Moradores ‘descobrem’ que prédio onde moram tem dinheiro da Lava Jato
FELIPE BÄCHTOLD, DE CURITIBA
Moradores de um condomínio de classe média em Curitiba nem imaginam que o prédio onde compraram apartamentos e vivem é suspeito de ter sido erguido com dinheiro proveniente de lavagem do doleiro Alberto Youssef.
Denúncia do Ministério Público Federal afirma que o edifício, de 12 apartamentos, foi construído pelo doleiro e por uma incorporadora de propriedade do advogado Antônio Carlos Pieruccini, também réu em processo relacionado à Operação Lava Jato.
Youssef, diz a Procuradoria, ocultou sua participação no negócio.

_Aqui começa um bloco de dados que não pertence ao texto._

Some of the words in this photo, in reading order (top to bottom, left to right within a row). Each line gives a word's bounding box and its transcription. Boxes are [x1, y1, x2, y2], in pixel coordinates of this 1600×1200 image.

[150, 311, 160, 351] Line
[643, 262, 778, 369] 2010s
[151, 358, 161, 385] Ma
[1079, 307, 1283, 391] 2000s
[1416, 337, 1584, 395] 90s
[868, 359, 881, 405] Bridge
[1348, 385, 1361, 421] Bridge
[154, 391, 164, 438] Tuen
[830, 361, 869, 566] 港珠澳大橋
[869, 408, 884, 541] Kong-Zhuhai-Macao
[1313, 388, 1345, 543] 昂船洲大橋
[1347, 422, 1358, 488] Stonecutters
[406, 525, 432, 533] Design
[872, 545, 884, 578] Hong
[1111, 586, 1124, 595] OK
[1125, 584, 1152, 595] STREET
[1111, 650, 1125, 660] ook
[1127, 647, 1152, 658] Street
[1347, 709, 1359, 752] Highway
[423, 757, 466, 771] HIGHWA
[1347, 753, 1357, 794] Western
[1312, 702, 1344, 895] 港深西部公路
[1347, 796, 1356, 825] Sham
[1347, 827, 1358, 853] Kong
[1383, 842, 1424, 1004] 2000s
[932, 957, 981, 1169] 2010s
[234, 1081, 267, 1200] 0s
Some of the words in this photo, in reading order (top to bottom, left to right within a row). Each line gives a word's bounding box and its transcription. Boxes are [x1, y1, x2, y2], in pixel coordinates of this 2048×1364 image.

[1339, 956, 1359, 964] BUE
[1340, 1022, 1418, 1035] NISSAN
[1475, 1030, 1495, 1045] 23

Moradores ouvidos demonstraram surpresa ao saber, pela reportagem, da menção ao empreendimento no processo na Justiça Federal. Disseram nunca ter ouvido falar da ligação com o pivô da investigação sobre irregularidades na Petrobras nem sabiam da suspeita sobre o incorporador.
O edifício, chamado Dona Lila IV, fica a 10 km do centro de Curitiba e tem quatro andares. Concluídos há quatro anos, três dos 12 aptos permanecem sem nunca terem sido ocupados. Um deles está à venda por R$ 240 mil.

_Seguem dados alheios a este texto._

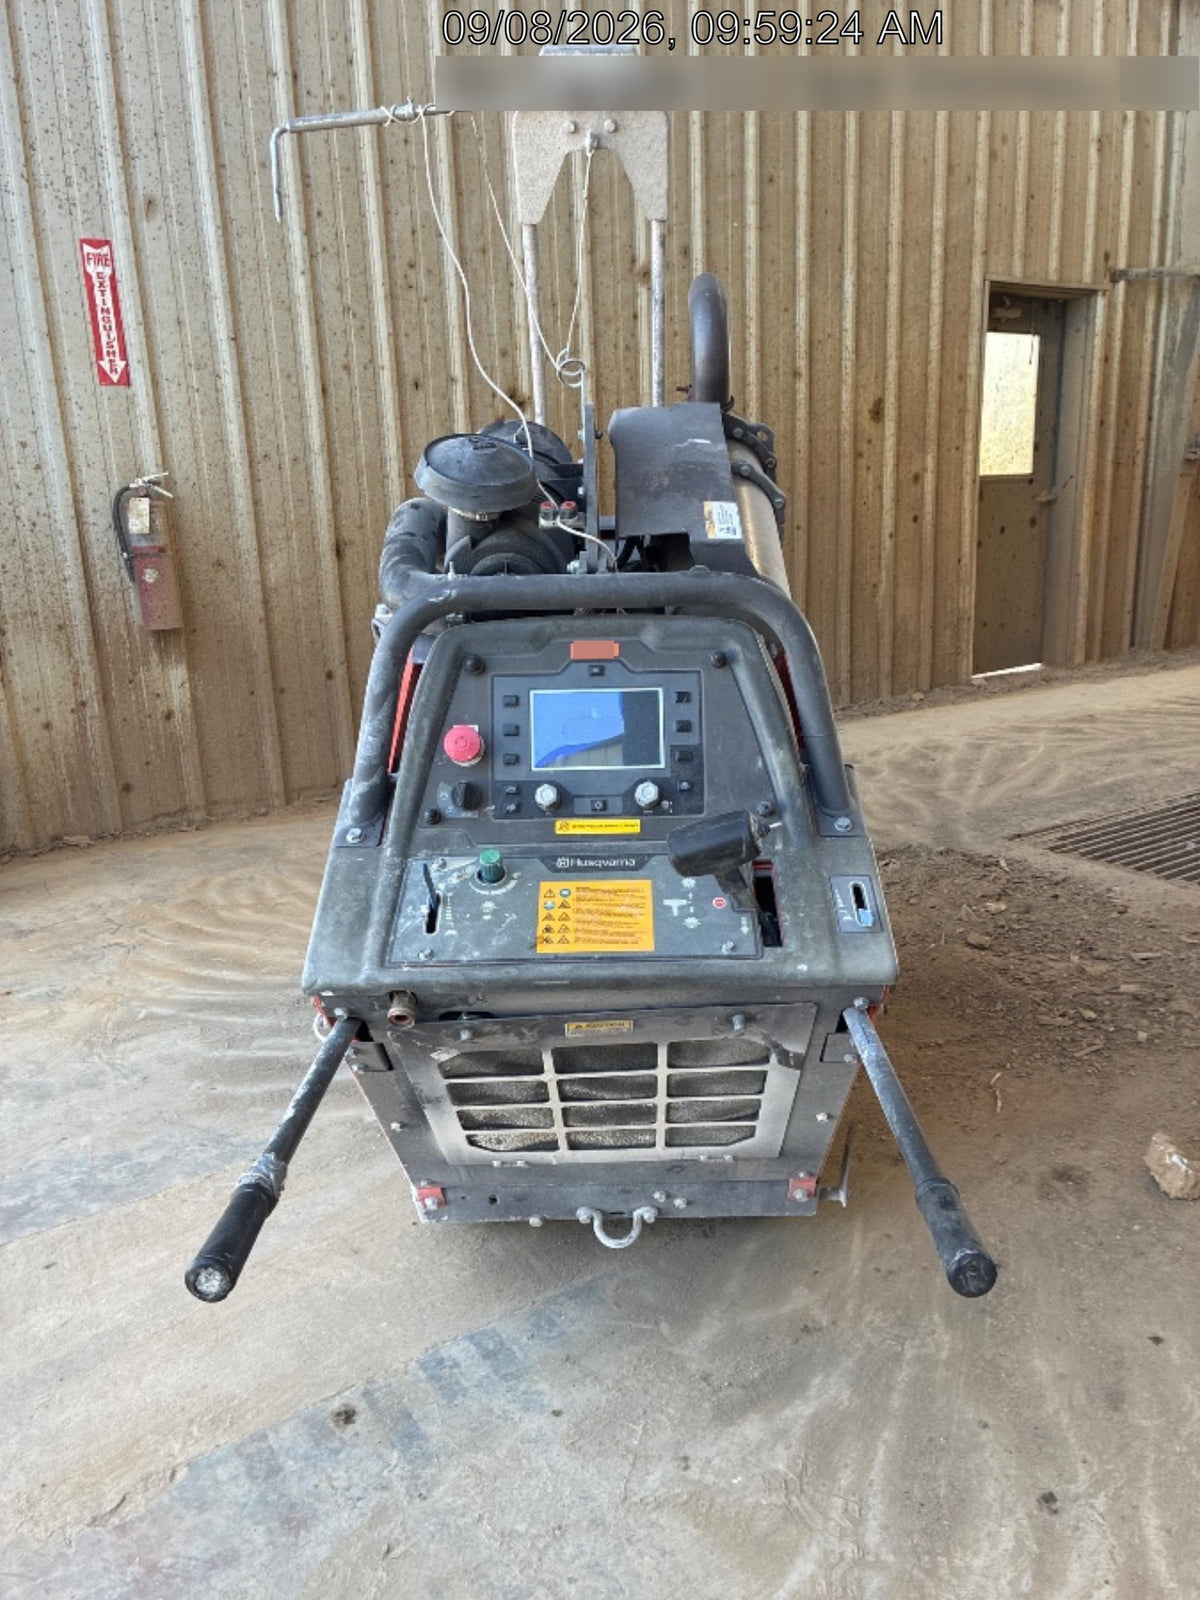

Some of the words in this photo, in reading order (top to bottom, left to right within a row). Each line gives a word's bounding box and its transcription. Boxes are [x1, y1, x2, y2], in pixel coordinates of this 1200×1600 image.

[86, 251, 111, 268] FIRE
[96, 271, 119, 375] EXTINGUISHER
[570, 857, 636, 867] Husqvarna

Segundo os moradores, essas unidades ainda pertencem à família do incorporador. As demais foram vendidas por meio de uma imobiliária.

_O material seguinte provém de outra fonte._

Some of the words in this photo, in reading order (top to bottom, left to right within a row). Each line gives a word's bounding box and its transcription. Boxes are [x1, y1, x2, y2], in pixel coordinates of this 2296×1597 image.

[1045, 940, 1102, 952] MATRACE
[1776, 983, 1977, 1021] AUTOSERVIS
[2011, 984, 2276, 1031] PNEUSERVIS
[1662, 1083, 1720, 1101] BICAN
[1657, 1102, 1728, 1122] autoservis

À Folha o síndico, que pediu para não ter o nome divulgado, disse que estranhou apenas o fato de a família não se desfazer de algumas das unidades do prédio, apesar do mercado imobiliário aquecido, e também o alto volume de investimento feito pela empresa, pouco conhecida no ramo.
Mas diz não temer as consequências do processo na Justiça Federal porque possui escritura do imóvel.
A acusação de lavagem foi incluída em uma ação relacionada a supostos desvios da Petrobras envolvendo a empreiteira Mendes Junior. Pieruccini e outras três pessoas são acusados especificamente de lavar dinheiro a favor de Youssef.
De acordo com a denúncia, o doleiro firmou um acordo com o incorporador em que cada um ficaria com 50% do edifício. A empresa de Youssef, a GFD Investimentos, seria a responsável pela construção.
O Ministério Público Federal afirmou que a empresa GFD Investimentos “nunca possuiu” atividades legais e que toda a sua receita era proveniente de crimes. Na mesma ação, Youssef é acusado de investir em hotéis como maneira de justificar seu patrimônio.
OUTRO LADO
A denúncia afirma que os imóveis de Youssef na sociedade responsável pela edificação foram vendidos em 2013.
A reportagem não conseguiu localizar Pieruccini. À Justiça Federal ele afirmou que o R$ 1,4 milhão que Youssef repassou para a incorporadora representam o exato custo da construção do edifício.
A defesa dele negou as acusações e chamou a denúncia de “invencionice”. Disse que, se Youssef usou dinheiro de origem ilícita no empreendimento, o incorporador não tinha como saber. Afirma ainda que não teria motivo para “macular” seu projeto com recursos ilegais e que o crime de lavagem de dinheiro só existe no Brasil da forma “dolosa”.
A Folha não conseguiu localizar os advogados de Youssef para comentar o caso. À Justiça a defesa afirmou que não se pode considerar o patrimônio ilícito apenas por pertencer ao acusado.